Images of women, mostly figurines of the same type as the "Venus" of Willendorf*, Lespugue** and Laussel*** (old statuettes representing obese women, women whose wombs and hips are extremely exaggerated) all dating to the Paleolithic period, far outnumber images of men. This has lead to speculation about the place of women in Stone Age society. Some have argued that these female figures denote the existence during this period of a prominent female deity identified usually as the Earth Mother or the Mother Goddess. On the basis of this assumption, it has been suggested that, unlike today, women played a considerably more important, if not dominant, role in Paleolithic society; that possibly a matriarchy existed and women ruled. That means men haven’t always been the leaders; it’s not an inborn quality (as a lot of them suggest)!

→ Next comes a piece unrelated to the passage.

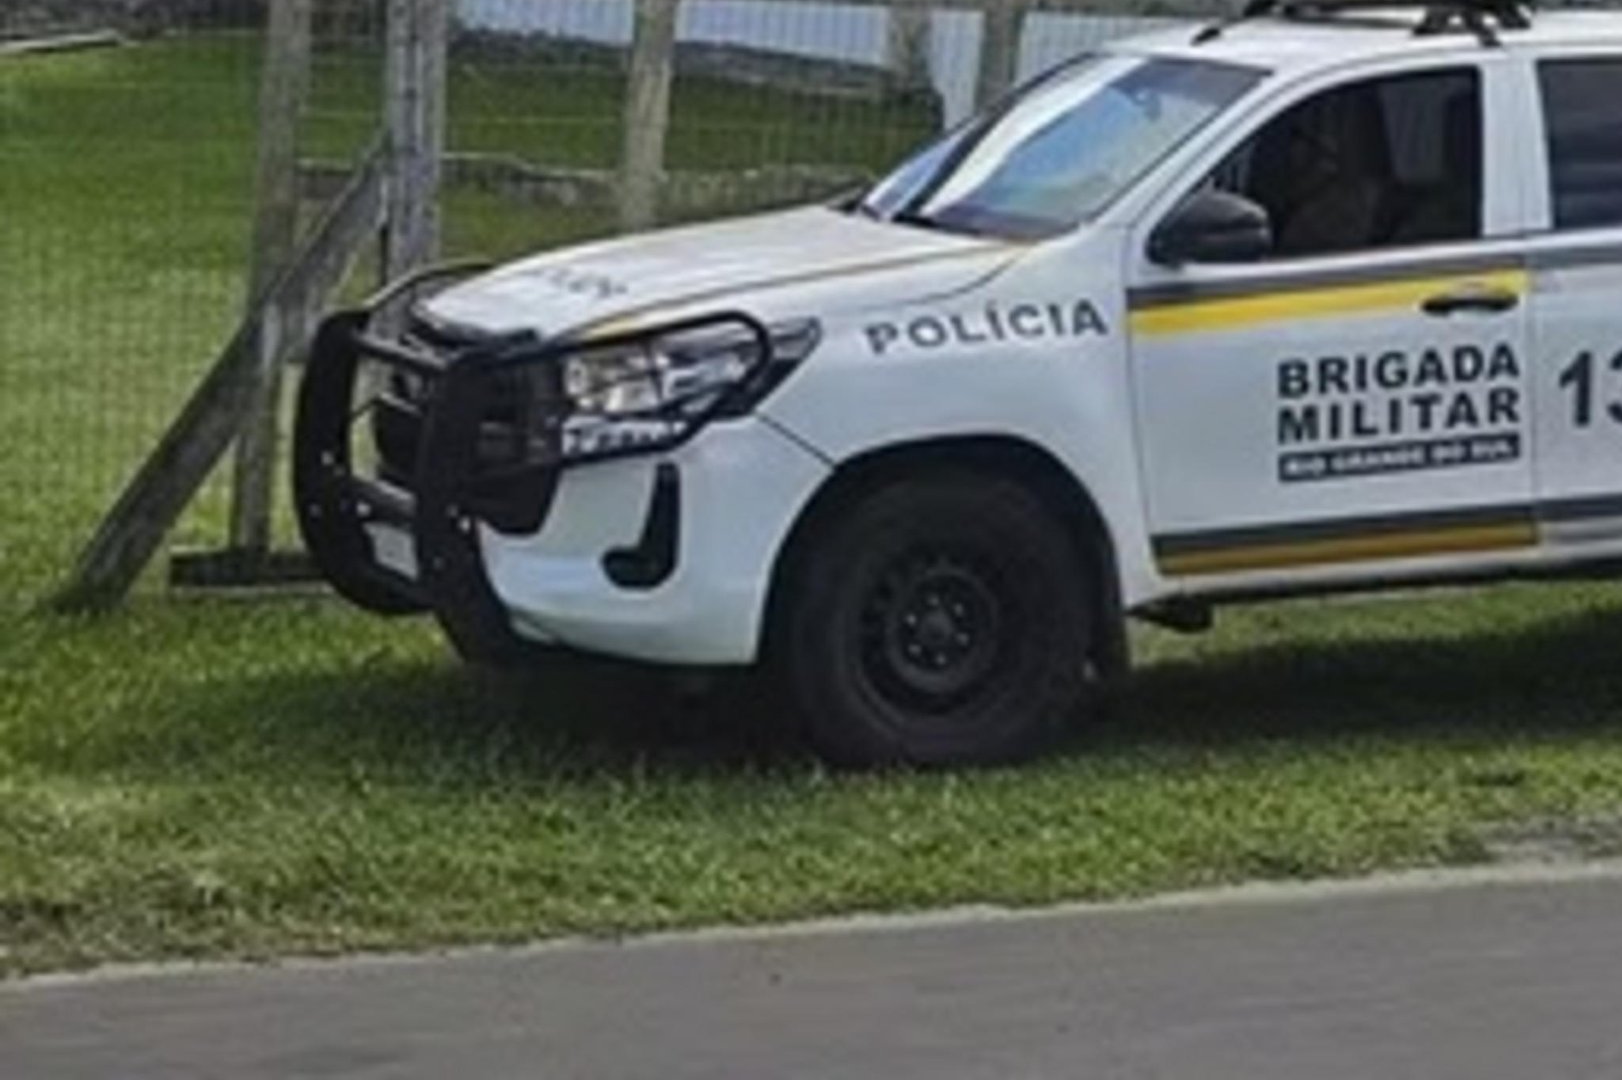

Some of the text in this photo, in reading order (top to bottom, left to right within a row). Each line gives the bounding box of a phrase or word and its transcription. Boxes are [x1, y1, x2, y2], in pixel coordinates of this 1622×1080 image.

Johann Bachofen was a 19th Century Swiss archaeologist and classicist who was among the first to recognize the presence of an early matriarchal stage in proto-European cultural evolution. Bachofen used Greek myth to support his arguments. He felt that there were three cultural stages that the early European culture went through. In his view the first stage was a barbaric or hetairistic stage (from the Greek word hetero meaning both) where both or actually neither sex was really in control for there was no control. The strong took advantage of the weak, and there was wide-spread "wanton" sexual activity, uncontrolled by values or morals. Bachofen thought that Aphrodite, Goddess of Love, was the chief deity of this time. The second stage was the matriarchal stage, where women banded together for their own defense. Strong Greek hunter/warrior goddesses such as Artemis and Athena were thought by Bachofen to have come from ancient fragments of memory stemming from this time, as well as the mythic Amazons and Furies. This middle stage saw the development of agriculture, and the rise of...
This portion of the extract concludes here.